ACTIVITY: An exact copy of the records below is required, and it must contain no pictures.
═══ DATA EXTRACT
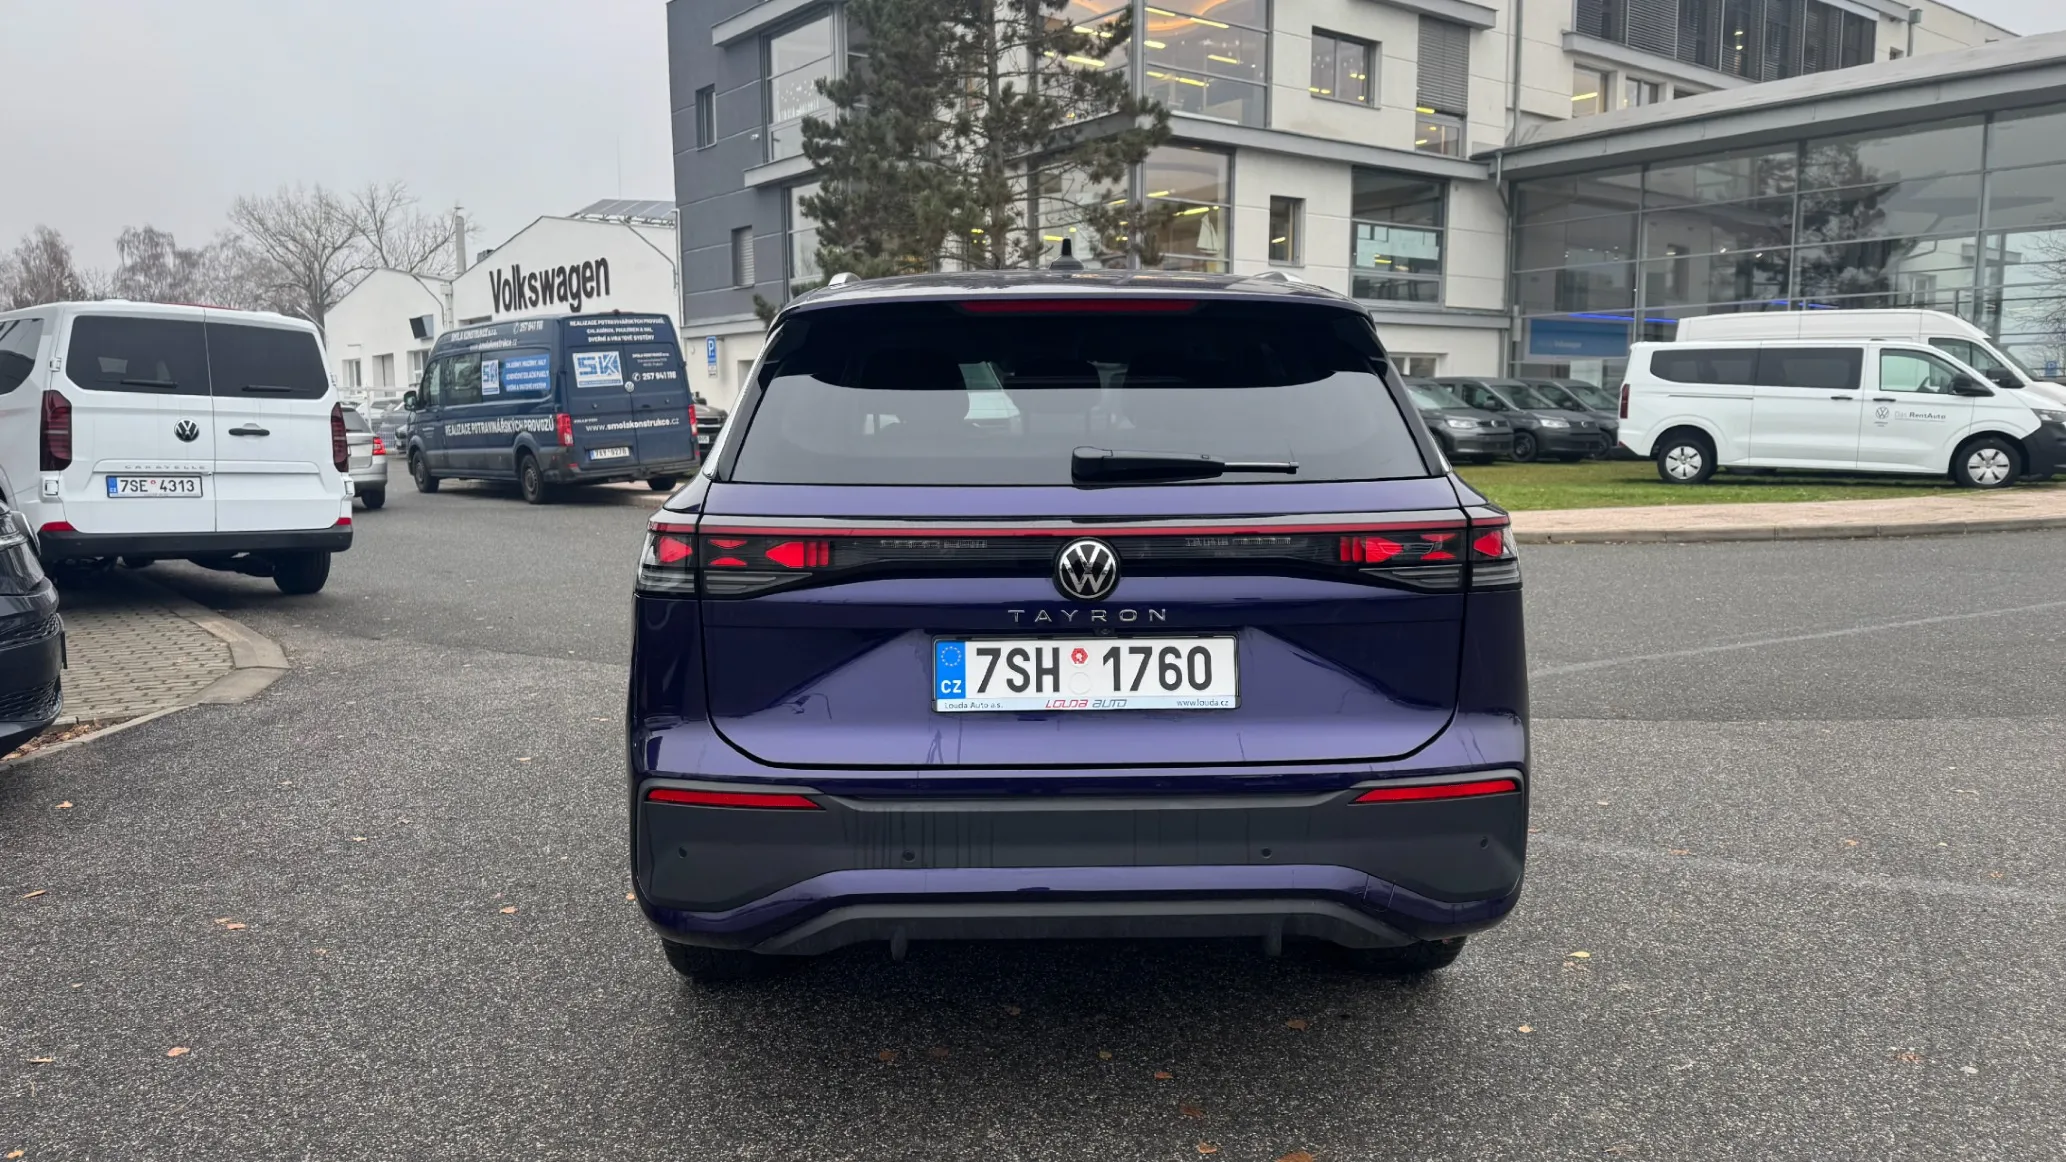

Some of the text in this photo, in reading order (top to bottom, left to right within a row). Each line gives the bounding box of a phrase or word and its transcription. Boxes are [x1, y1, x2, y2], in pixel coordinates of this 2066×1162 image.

[489, 256, 611, 314] Volkswagen
[577, 353, 620, 376] SK
[642, 372, 654, 381] 257
[1909, 412, 1946, 420] RentAuto
[445, 422, 472, 436] REALIZACE
[472, 416, 524, 434] POTRAVINÁŘSKÝCH
[524, 414, 555, 433] PROVOZŮ
[120, 480, 148, 492] 7SE
[160, 480, 195, 492] 4313
[1008, 608, 1167, 623] TAYRON
[941, 646, 1212, 694] CZ 7SH 1760
[1176, 698, 1229, 708] www.louda.cz
══════
RESULT:
Some of the text in this photo, in reading order (top to bottom, left to right within a row). Each line gives the bounding box of a phrase or word and its transcription. Boxes are [x1, y1, x2, y2], in pixel coordinates of this 2066×1162 image.

[489, 256, 611, 314] Volkswagen
[577, 353, 620, 376] SK
[642, 372, 654, 381] 257
[1909, 412, 1946, 420] RentAuto
[445, 422, 472, 436] REALIZACE
[472, 416, 524, 434] POTRAVINÁŘSKÝCH
[524, 414, 555, 433] PROVOZŮ
[120, 480, 148, 492] 7SE
[160, 480, 195, 492] 4313
[1008, 608, 1167, 623] TAYRON
[941, 646, 1212, 694] CZ 7SH 1760
[1176, 698, 1229, 708] www.louda.cz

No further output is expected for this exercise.